Detailed tutorial on labeling NER data using doccano
Description:
- First published: 2024-10-12
- References:
- /zjunlp/DeepKE/blob/main/README_TAG_CN.md
- /doccano/tutorial/
- /GongYangXianShen/article/details/137270106 (converted to BIO format)
Deploying doccano
/doccano/doccano There are instructions on how to deploy.
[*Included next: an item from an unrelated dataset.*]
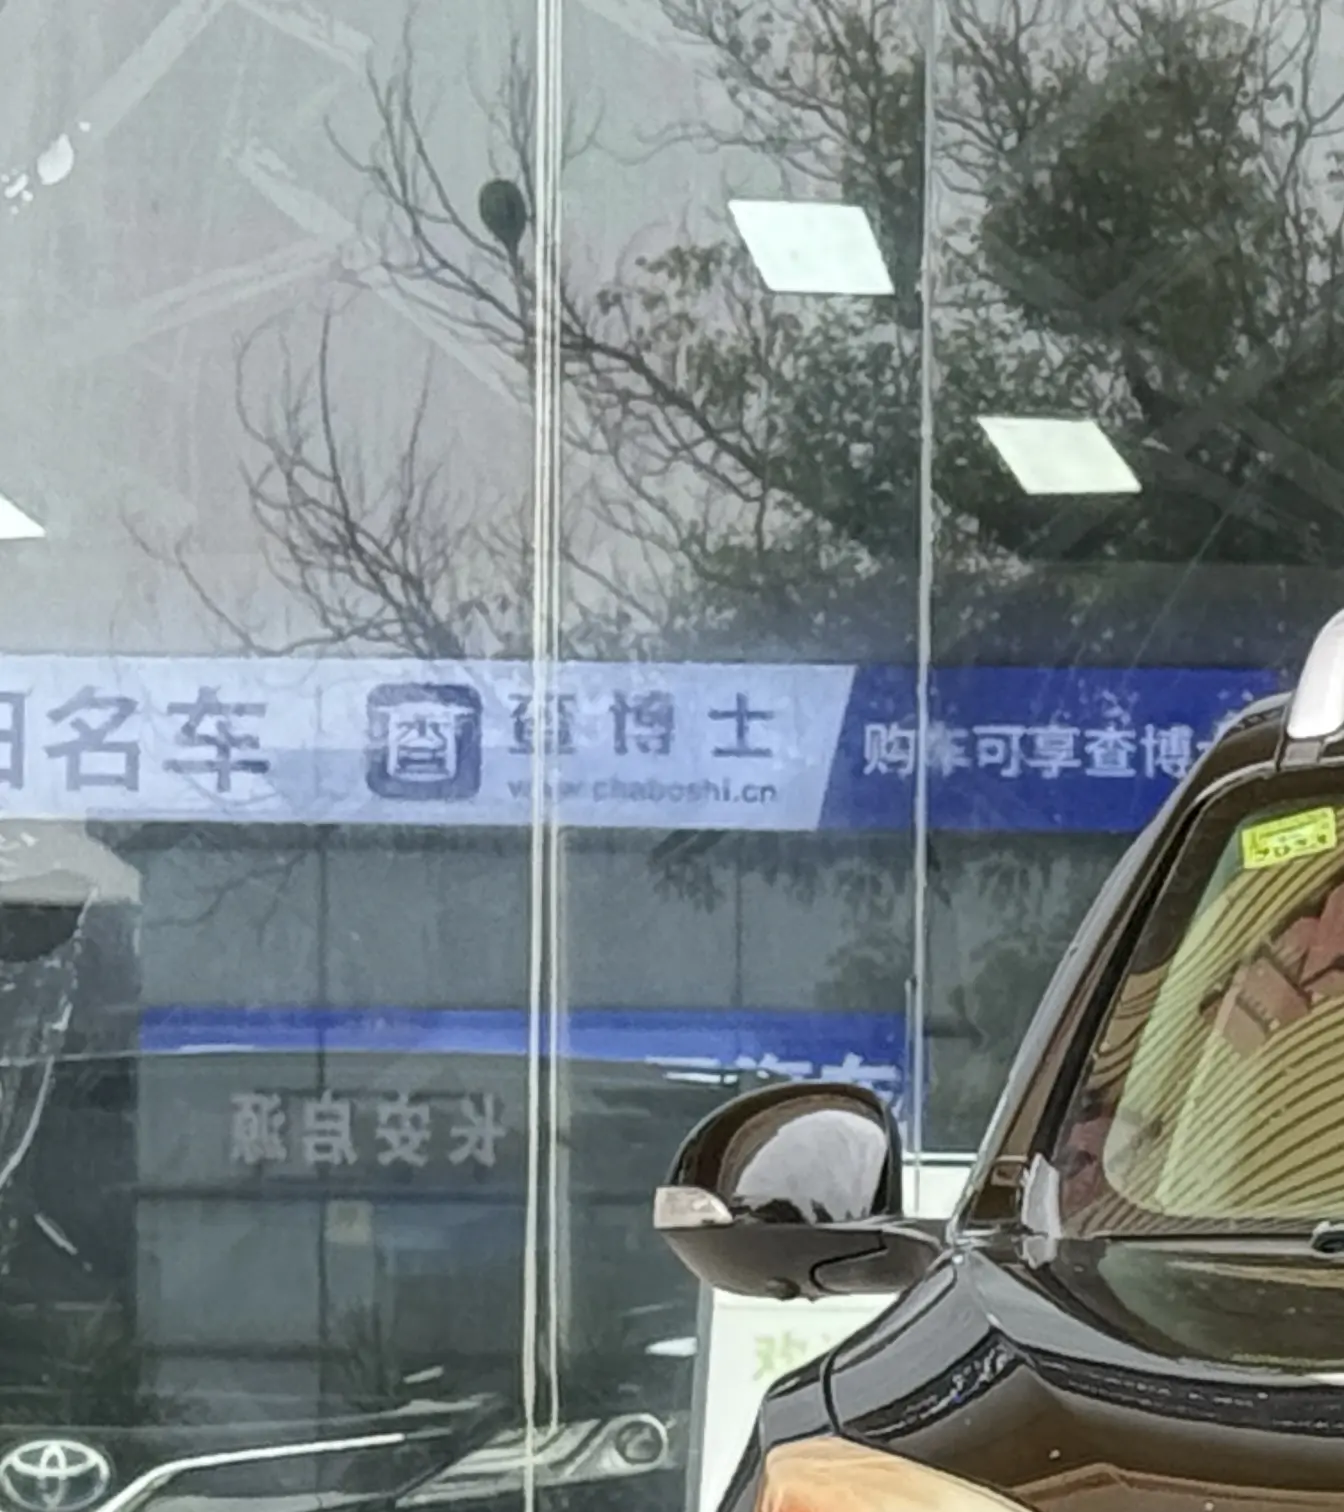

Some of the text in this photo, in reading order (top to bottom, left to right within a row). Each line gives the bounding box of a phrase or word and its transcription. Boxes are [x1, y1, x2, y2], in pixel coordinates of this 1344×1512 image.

[0, 684, 270, 793] 名车
[862, 722, 1213, 778] 购车可享查博
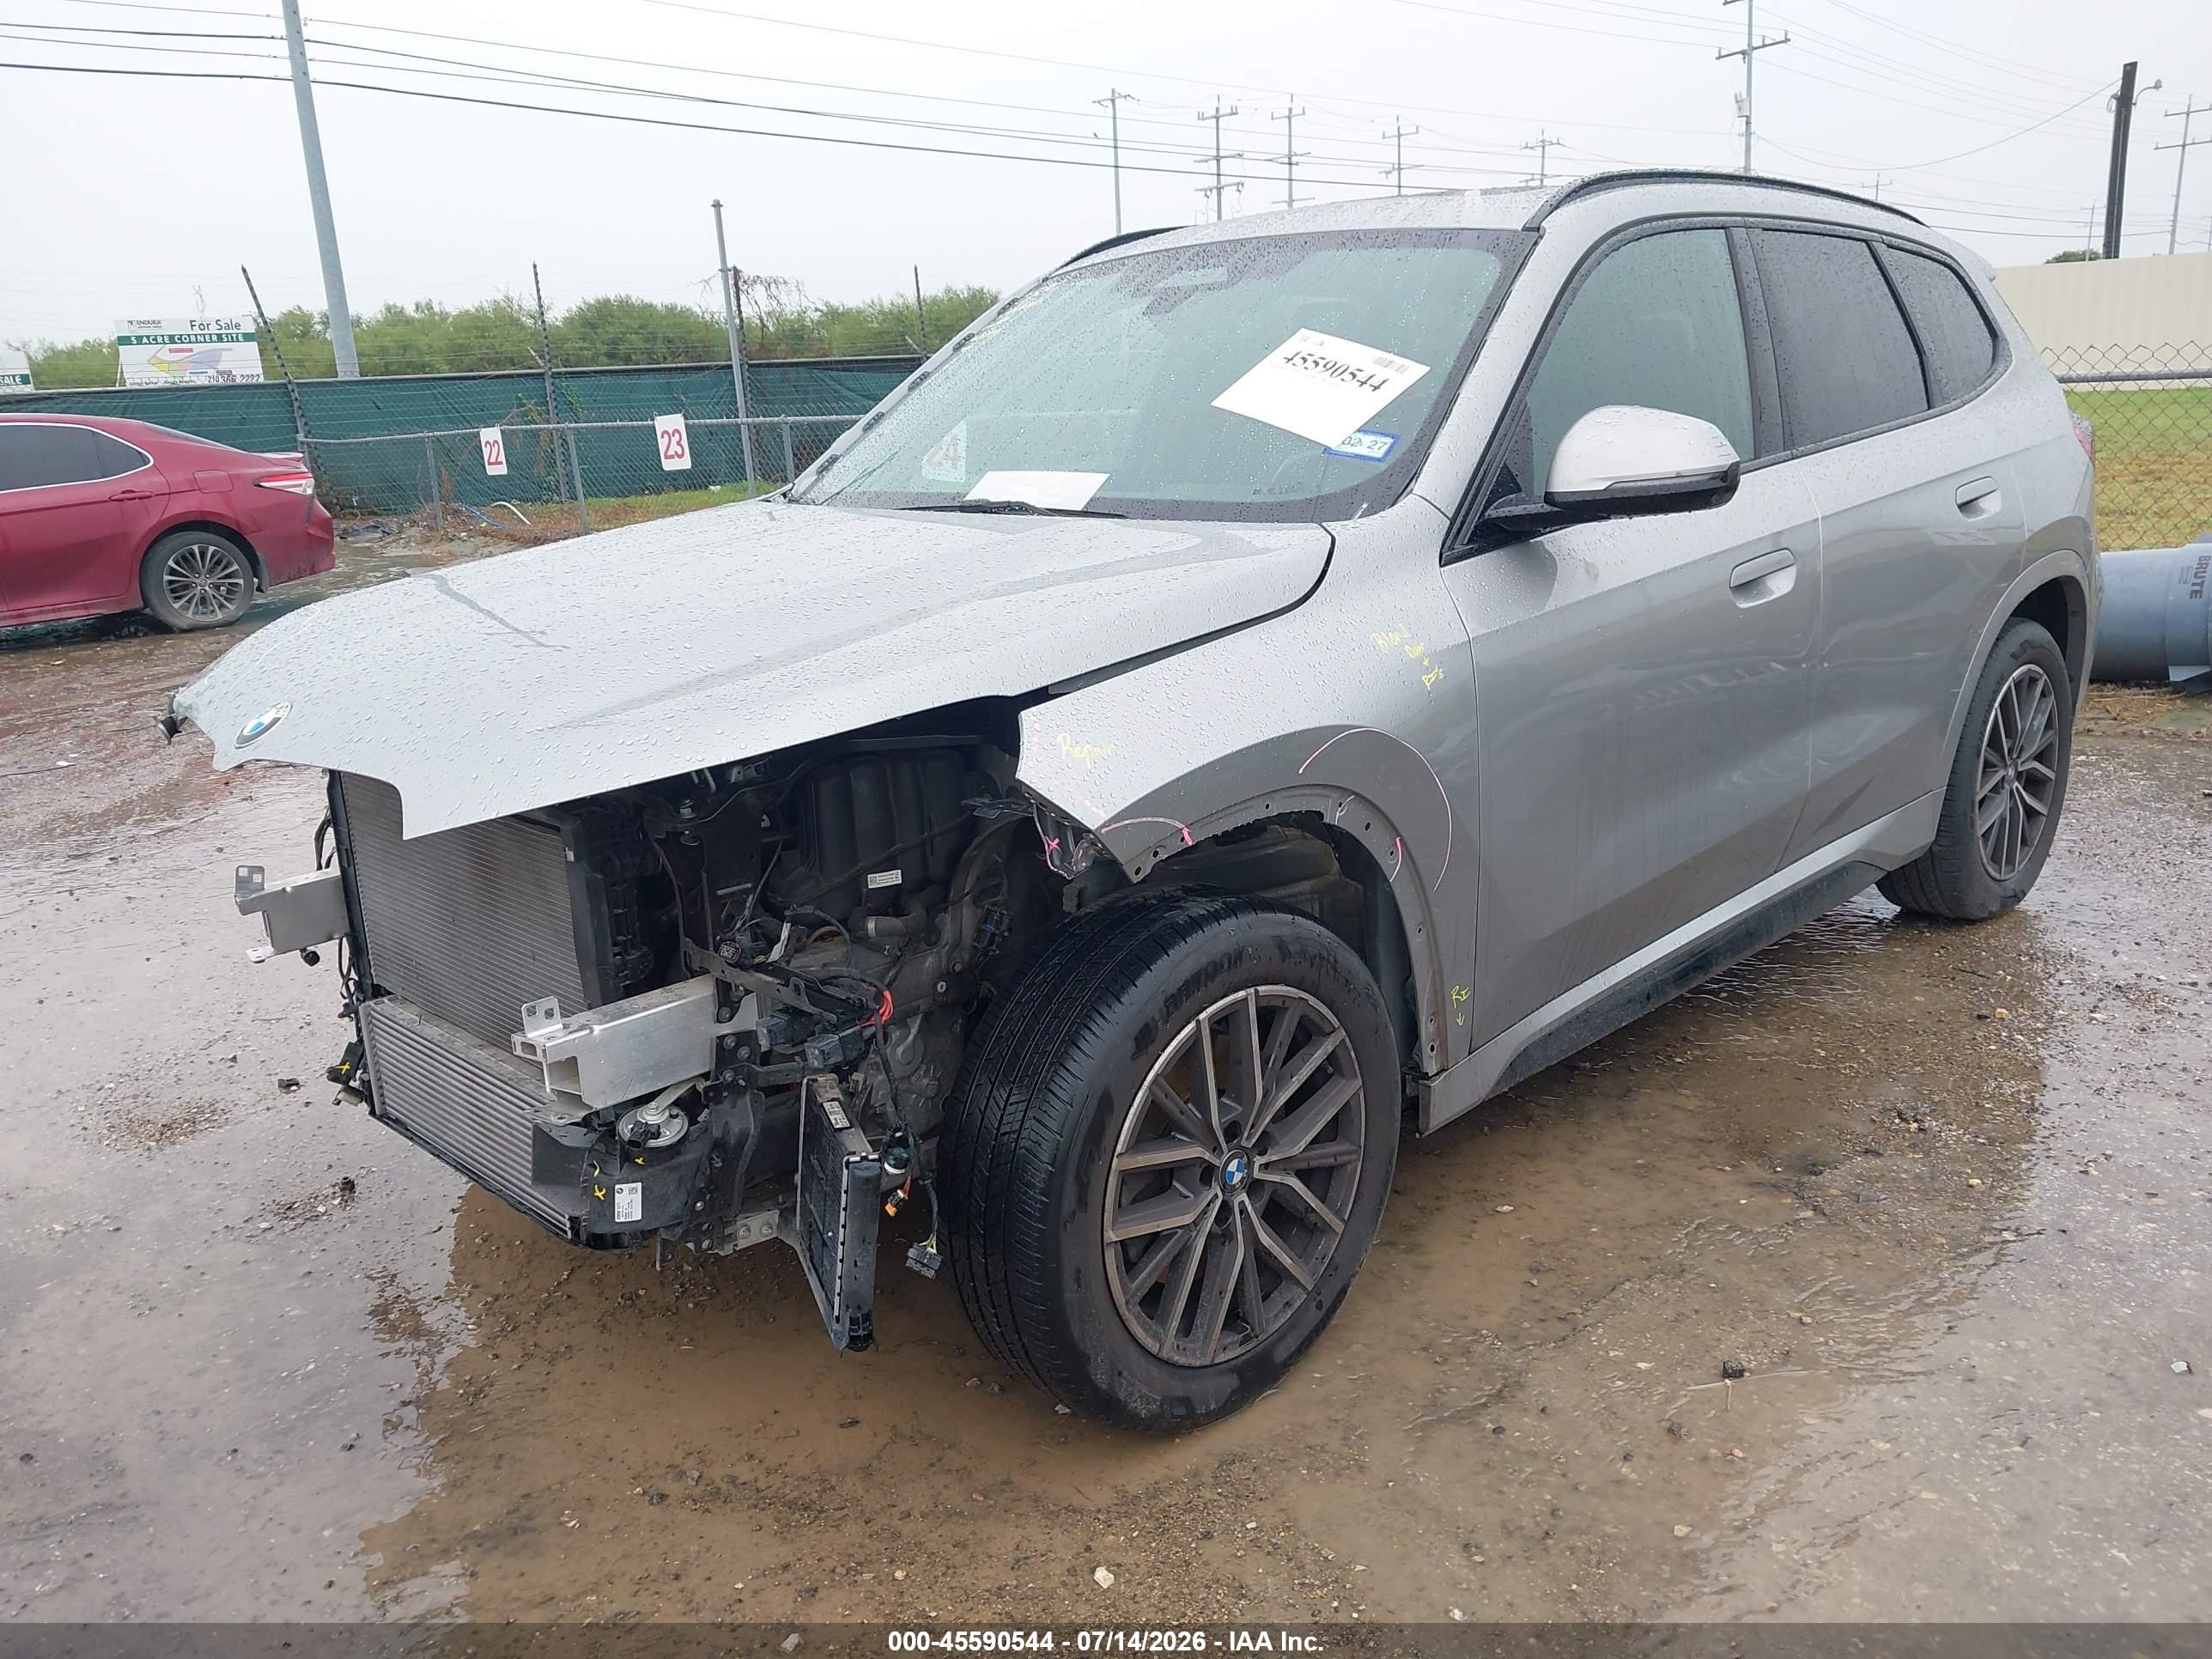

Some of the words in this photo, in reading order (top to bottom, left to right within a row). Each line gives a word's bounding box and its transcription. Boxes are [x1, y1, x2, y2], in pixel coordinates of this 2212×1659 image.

For example, using Docker to deploy:
docker run --name doccano \
-d --restart always \
-e "ADMIN_USERNAME=admin" \
-e "ADMIN_EMAIL=admin@" \
-e "ADMIN_PASSWORD=password" \
-v doccano-db:/data \
-p 8001:8000 doccano/doccano
Create User
There is only one user by default, we need to open the ADMIN page to add a new user.
After the main URL add/admin/
Then open the ADMIN page (note that the trailing slash is required) and click on theAdd
:
After adding the username and password information, clickSAVE
to save:
How to do NER labeling
Create a project
The default interface is in English, you can switch to Chinese if you are not used to English:
Then click on Login and enter your username and password to log in, after you have logged in:
strike (on the keyboard)establish
, it will jump to the following page:
Click to selectSerial labeling
(Sequence Labeling), then enter the necessary information such as the name and configure other attributes as needed:
strike (on the keyboard)establish
, jump to the following page:
Importing data sets
Click on the left side of thedata set
Button:
Move the mouse to themanipulate
Button:
Click Import Dataset:
doccano
Several formats of text are supported, and their differences are listed below:
-
Textfile
: The uploaded file istxt
format, when marking a wholetxt
The document is displayed as one page of content; -
Textline
: The uploaded file istxt
format, when markingtxt
A line of text in a document is displayed as a page of content; -
JSONL
:JSON Lines
The shorthand for each line is a validJSON
Value; -
CoNLL
:CoNLL
A file formatted with a series of tab-delimited words on each line;
Upload a TXT file:
After clicking Import:
Define Tags
Click on the left side of thetab (of a window) (computing)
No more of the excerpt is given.